Python API#

JupySQL is primarily used via the %sql, %%sql, and %sqlplot magics; however there is a public Python API you can also use.

sql.plot#

Note

sql.plot requires matplotlib: pip install matplotlib

The sql.plot module implements functions that compute the summary statistics in the database, a much more scalable approach that loading all your data into memory with pandas.

histogram#

sql.plot.histogram(payload, table, column, bins, with_=None, conn=None, category=None, cmap=None, color=None, edgecolor=None, ax=None, facet=None)#

Plot histogram

Parameters:
  • table (str) – Table name where the data is located

  • column (str, list) – Column(s) to plot

  • bins (int) – Number of bins

  • conn (connection, default=None) – Database connection. If None, it uses the current connection

Notes

Changed in version 0.5.2: Added plot title and axis labels. Allowing to pass lists in column. Function returns a matplotlib.Axes object.

New in version 0.4.4.

Returns:

ax – Generated plot

Return type:

matplotlib.Axes

Examples

import urllib.request

# this requires duckdb: pip install duckdb
import duckdb

from sql import plot


urllib.request.urlretrieve(
    "https://raw.githubusercontent.com/plotly/datasets/master/iris-data.csv",
    "iris.csv",
)

conn = duckdb.connect(database=":memory:")

plot.histogram("iris.csv", "petal width", bins=50, conn=conn)
../_images/plot_histogram.png

Plot multiple columns from the same table:

import urllib.request

# this requires duckdb: pip install duckdb
import duckdb

from sql import plot


urllib.request.urlretrieve(
    "https://raw.githubusercontent.com/plotly/datasets/master/iris-data.csv",
    "iris.csv",
)

conn = duckdb.connect(database=":memory:")

plot.histogram("iris.csv", ["petal width", "sepal width"], bins=50, conn=conn)
../_images/plot_histogram_many.png

boxplot#

sql.plot.boxplot(payload, table, column, *, orient='v', with_=None, conn=None, ax=None)#

Plot boxplot

Parameters:
  • table (str) – Table name where the data is located

  • column (str, list) – Column(s) to plot

  • orient (str {"h", "v"}, default="v") – Boxplot orientation (vertical/horizontal)

  • conn (connection, default=None) – Database connection.

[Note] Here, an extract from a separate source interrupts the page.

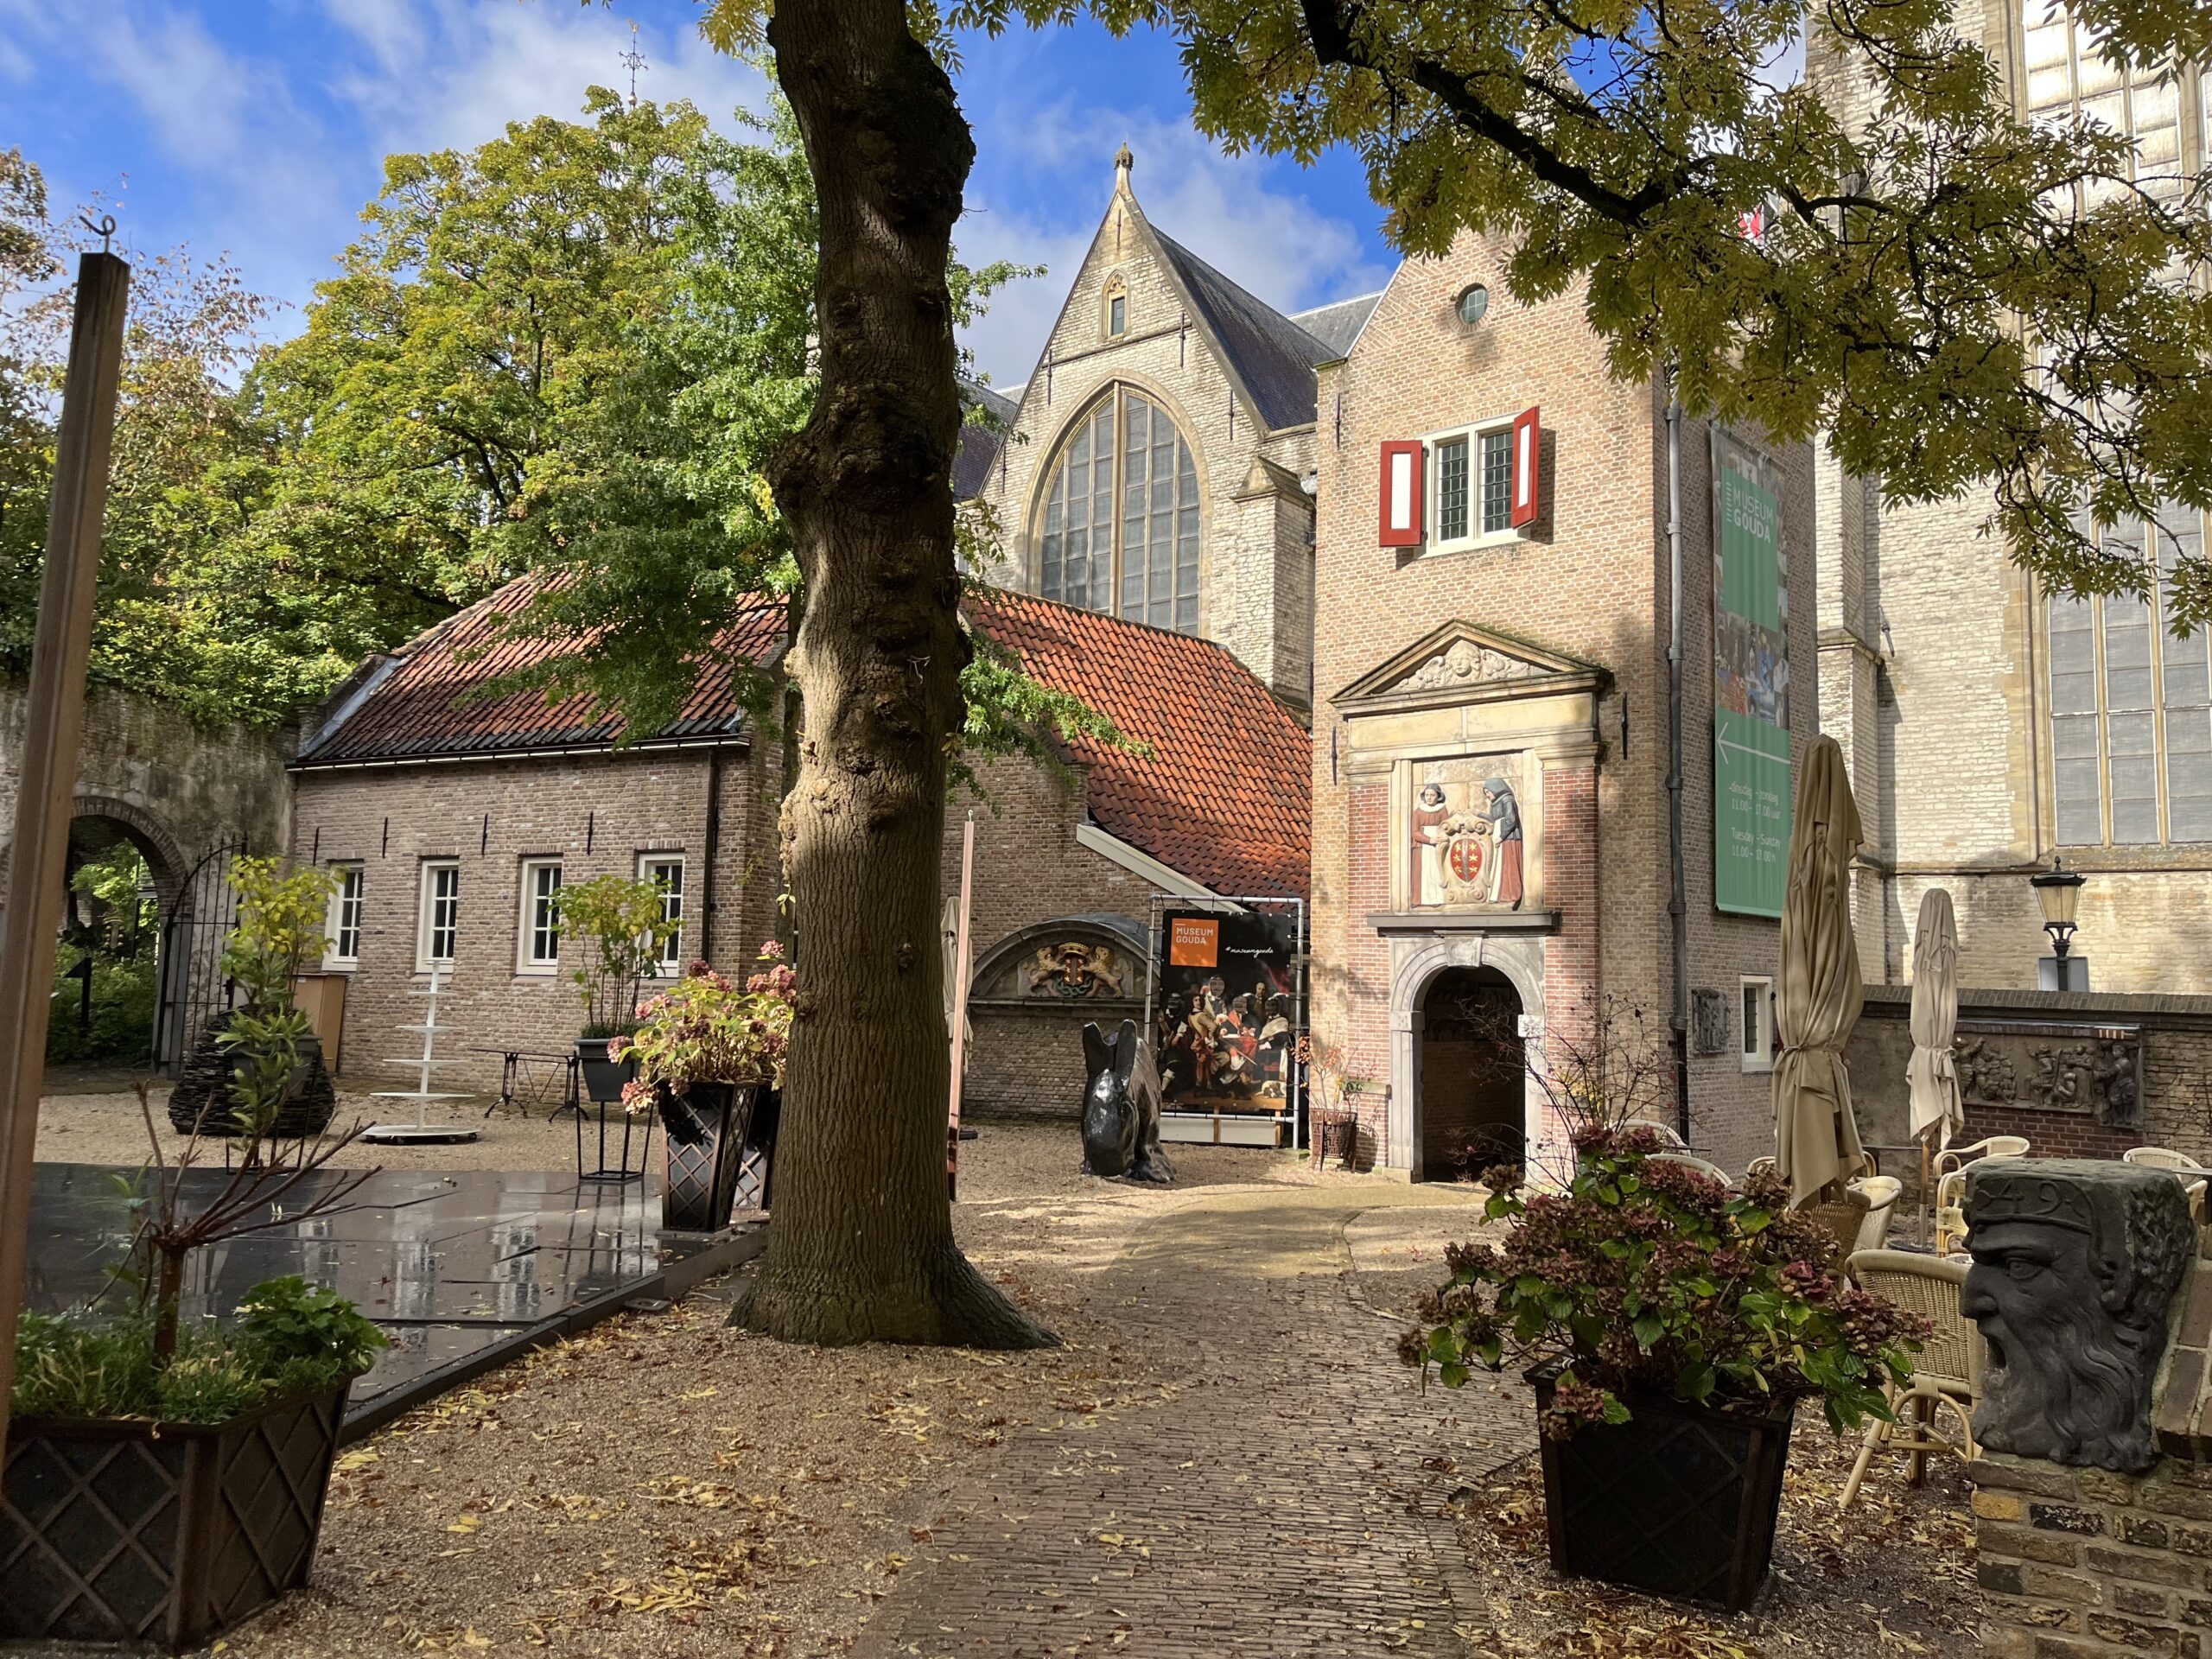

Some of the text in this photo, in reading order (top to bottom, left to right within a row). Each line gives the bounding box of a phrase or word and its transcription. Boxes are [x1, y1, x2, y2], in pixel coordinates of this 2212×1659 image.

If None, it uses the current connection

Notes

Changed in version 0.5.2: Added with_, and orient arguments. Added plot title and axis labels. Allowing to pass lists in column. Function returns a matplotlib.Axes object.

New in version 0.4.4.

Returns:

ax – Generated plot

Return type:

matplotlib.Axes

Examples

from pathlib import Path
import urllib.request

# this requires duckdb: pip install duckdb
import duckdb

from sql import plot


if not Path("iris.csv").is_file():
    urllib.request.urlretrieve(
        "https://raw.githubusercontent.com/plotly/datasets/master/iris-data.csv",
        "iris.csv",
    )

conn = duckdb.connect(database=":memory:")

plot.boxplot("iris.csv", "petal width", conn=conn)
../_images/plot_boxplot.png

Customize plot:

from pathlib import Path
import urllib.request

# this requires duckdb: pip install duckdb
import duckdb

from sql import plot


if not Path("iris.csv").is_file():
    urllib.request.urlretrieve(
        "https://raw.githubusercontent.com/plotly/datasets/master/iris-data.csv",
        "iris.csv",
    )

conn = duckdb.connect(database=":memory:")

# returns matplotlib.Axes object
ax = plot.boxplot("iris.csv", "petal width", conn=conn)
ax.set_title("My custom title")
ax.grid()
../_images/plot_boxplot_custom.png

Horizontal boxplot:

from pathlib import Path
import urllib.request

# this requires duckdb: pip install duckdb
import duckdb

from sql import plot


if not Path("iris.csv").is_file():
    urllib.request.urlretrieve(
        "https://raw.githubusercontent.com/plotly/datasets/master/iris-data.csv",
        "iris.csv",
    )

conn = duckdb.connect(database=":memory:")

plot.boxplot("iris.csv", "petal width", conn=conn, orient="h")
../_images/plot_boxplot_horizontal.png

Plot multiple columns from the same table:

from pathlib import Path
import urllib.request

# this requires duckdb: pip install duckdb
import duckdb

from sql import plot


if not Path("iris.csv").is_file():
    urllib.request.urlretrieve(
        "https://raw.githubusercontent.com/plotly/datasets/master/iris-data.csv",
        "iris.csv",
    )

conn = duckdb.connect(database=":memory:")

plot.boxplot("iris.csv", ["petal width", "sepal width"], conn=conn)
../_images/plot_boxplot_many.png

sql.store#

The sql.store module implements utilities to compose and manage large SQL queries

SQLStore#

class sql.store.SQLStore#

Stores SQL scripts to render large queries with CTEs

Notes

New in version 0.4.3.

Examples

>>> from sql.store import SQLStore
>>> sqlstore = SQLStore()
>>> sqlstore.store("writers_fav",
...                "SELECT * FROM writers WHERE genre = 'non-fiction'")
>>> sqlstore.store("writers_fav_modern",
...                "SELECT * FROM writers_fav WHERE born >= 1970",
...                with_=["writers_fav"])
>>> query = sqlstore.render("SELECT * FROM writers_fav_modern LIMIT 10",
...                         with_=["writers_fav_modern"])
>>> print(query)
WITH "writers_fav" AS (
    SELECT * FROM writers WHERE genre = 'non-fiction'
), "writers_fav_modern" AS (
    SELECT * FROM writers_fav WHERE born >= 1970
)
SELECT * FROM writers_fav_modern LIMIT 10